- **Activity**: Transcribe each line below word for word.

(Items from a dataset)
════════════════════

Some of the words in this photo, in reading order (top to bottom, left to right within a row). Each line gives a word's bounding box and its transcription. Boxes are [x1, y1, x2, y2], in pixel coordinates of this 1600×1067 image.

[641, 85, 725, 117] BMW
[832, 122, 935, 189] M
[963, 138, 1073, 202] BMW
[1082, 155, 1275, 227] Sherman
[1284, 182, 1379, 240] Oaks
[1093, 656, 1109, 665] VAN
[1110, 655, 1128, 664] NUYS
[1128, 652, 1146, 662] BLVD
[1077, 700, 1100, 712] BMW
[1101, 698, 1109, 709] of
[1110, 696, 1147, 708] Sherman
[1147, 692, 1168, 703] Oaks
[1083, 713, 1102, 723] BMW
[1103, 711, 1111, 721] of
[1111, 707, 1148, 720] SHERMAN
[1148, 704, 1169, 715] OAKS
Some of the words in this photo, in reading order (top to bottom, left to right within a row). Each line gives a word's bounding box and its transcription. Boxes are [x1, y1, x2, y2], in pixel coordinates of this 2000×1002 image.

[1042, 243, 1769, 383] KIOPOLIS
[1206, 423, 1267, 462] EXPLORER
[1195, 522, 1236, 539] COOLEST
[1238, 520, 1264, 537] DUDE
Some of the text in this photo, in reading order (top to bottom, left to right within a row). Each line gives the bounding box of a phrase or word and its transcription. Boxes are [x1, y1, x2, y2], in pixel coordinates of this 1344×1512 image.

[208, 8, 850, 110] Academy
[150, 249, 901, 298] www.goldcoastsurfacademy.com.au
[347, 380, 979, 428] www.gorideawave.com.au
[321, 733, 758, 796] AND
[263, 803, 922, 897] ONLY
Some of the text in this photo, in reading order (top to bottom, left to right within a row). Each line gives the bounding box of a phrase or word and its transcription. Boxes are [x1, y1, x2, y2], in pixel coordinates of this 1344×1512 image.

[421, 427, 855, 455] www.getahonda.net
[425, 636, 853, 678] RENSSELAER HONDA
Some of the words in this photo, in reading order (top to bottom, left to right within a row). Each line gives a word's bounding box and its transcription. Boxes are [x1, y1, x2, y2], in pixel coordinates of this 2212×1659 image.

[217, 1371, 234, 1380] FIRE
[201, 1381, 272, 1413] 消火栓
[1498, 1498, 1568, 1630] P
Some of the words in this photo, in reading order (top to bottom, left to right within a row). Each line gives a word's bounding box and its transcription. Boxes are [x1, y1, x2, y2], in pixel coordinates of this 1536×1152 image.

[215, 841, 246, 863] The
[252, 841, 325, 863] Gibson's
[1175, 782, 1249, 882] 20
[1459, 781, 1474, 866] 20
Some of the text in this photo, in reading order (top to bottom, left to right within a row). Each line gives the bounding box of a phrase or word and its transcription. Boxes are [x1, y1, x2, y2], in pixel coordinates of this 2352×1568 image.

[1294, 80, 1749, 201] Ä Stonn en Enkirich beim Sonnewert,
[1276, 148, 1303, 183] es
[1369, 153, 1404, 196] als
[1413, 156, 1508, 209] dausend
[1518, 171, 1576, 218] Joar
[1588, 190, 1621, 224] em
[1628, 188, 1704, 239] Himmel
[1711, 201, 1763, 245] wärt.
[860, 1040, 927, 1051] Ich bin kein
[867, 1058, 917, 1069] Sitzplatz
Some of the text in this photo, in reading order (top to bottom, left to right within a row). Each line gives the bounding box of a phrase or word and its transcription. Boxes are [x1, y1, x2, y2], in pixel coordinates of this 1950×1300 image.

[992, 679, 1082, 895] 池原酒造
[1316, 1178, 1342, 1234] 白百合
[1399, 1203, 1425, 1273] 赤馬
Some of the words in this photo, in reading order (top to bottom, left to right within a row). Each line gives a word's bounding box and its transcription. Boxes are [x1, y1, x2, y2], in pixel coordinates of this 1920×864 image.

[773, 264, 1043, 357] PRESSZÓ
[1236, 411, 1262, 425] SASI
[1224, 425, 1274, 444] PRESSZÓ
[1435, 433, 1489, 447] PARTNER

════════════════════

- **Answer space**:
Some of the words in this photo, in reading order (top to bottom, left to right within a row). Each line gives a word's bounding box and its transcription. Boxes are [x1, y1, x2, y2], in pixel coordinates of this 1600×1067 image.

[641, 85, 725, 117] BMW
[832, 122, 935, 189] M
[963, 138, 1073, 202] BMW
[1082, 155, 1275, 227] Sherman
[1284, 182, 1379, 240] Oaks
[1093, 656, 1109, 665] VAN
[1110, 655, 1128, 664] NUYS
[1128, 652, 1146, 662] BLVD
[1077, 700, 1100, 712] BMW
[1101, 698, 1109, 709] of
[1110, 696, 1147, 708] Sherman
[1147, 692, 1168, 703] Oaks
[1083, 713, 1102, 723] BMW
[1103, 711, 1111, 721] of
[1111, 707, 1148, 720] SHERMAN
[1148, 704, 1169, 715] OAKS
Some of the words in this photo, in reading order (top to bottom, left to right within a row). Each line gives a word's bounding box and its transcription. Boxes are [x1, y1, x2, y2], in pixel coordinates of this 2000×1002 image.

[1042, 243, 1769, 383] KIOPOLIS
[1206, 423, 1267, 462] EXPLORER
[1195, 522, 1236, 539] COOLEST
[1238, 520, 1264, 537] DUDE
Some of the text in this photo, in reading order (top to bottom, left to right within a row). Each line gives the bounding box of a phrase or word and its transcription. Boxes are [x1, y1, x2, y2], in pixel coordinates of this 1344×1512 image.

[208, 8, 850, 110] Academy
[150, 249, 901, 298] www.goldcoastsurfacademy.com.au
[347, 380, 979, 428] www.gorideawave.com.au
[321, 733, 758, 796] AND
[263, 803, 922, 897] ONLY
Some of the text in this photo, in reading order (top to bottom, left to right within a row). Each line gives the bounding box of a phrase or word and its transcription. Boxes are [x1, y1, x2, y2], in pixel coordinates of this 1344×1512 image.

[421, 427, 855, 455] www.getahonda.net
[425, 636, 853, 678] RENSSELAER HONDA
Some of the words in this photo, in reading order (top to bottom, left to right within a row). Each line gives a word's bounding box and its transcription. Boxes are [x1, y1, x2, y2], in pixel coordinates of this 2212×1659 image.

[217, 1371, 234, 1380] FIRE
[201, 1381, 272, 1413] 消火栓
[1498, 1498, 1568, 1630] P
Some of the words in this photo, in reading order (top to bottom, left to right within a row). Each line gives a word's bounding box and its transcription. Boxes are [x1, y1, x2, y2], in pixel coordinates of this 1536×1152 image.

[215, 841, 246, 863] The
[252, 841, 325, 863] Gibson's
[1175, 782, 1249, 882] 20
[1459, 781, 1474, 866] 20
Some of the text in this photo, in reading order (top to bottom, left to right within a row). Each line gives the bounding box of a phrase or word and its transcription. Boxes are [x1, y1, x2, y2], in pixel coordinates of this 2352×1568 image.

[1294, 80, 1749, 201] Ä Stonn en Enkirich beim Sonnewert,
[1276, 148, 1303, 183] es
[1369, 153, 1404, 196] als
[1413, 156, 1508, 209] dausend
[1518, 171, 1576, 218] Joar
[1588, 190, 1621, 224] em
[1628, 188, 1704, 239] Himmel
[1711, 201, 1763, 245] wärt.
[860, 1040, 927, 1051] Ich bin kein
[867, 1058, 917, 1069] Sitzplatz
Some of the text in this photo, in reading order (top to bottom, left to right within a row). Each line gives the bounding box of a phrase or word and its transcription. Boxes are [x1, y1, x2, y2], in pixel coordinates of this 1950×1300 image.

[992, 679, 1082, 895] 池原酒造
[1316, 1178, 1342, 1234] 白百合
[1399, 1203, 1425, 1273] 赤馬
Some of the words in this photo, in reading order (top to bottom, left to right within a row). Each line gives a word's bounding box and its transcription. Boxes are [x1, y1, x2, y2], in pixel coordinates of this 1920×864 image.

[773, 264, 1043, 357] PRESSZÓ
[1236, 411, 1262, 425] SASI
[1224, 425, 1274, 444] PRESSZÓ
[1435, 433, 1489, 447] PARTNER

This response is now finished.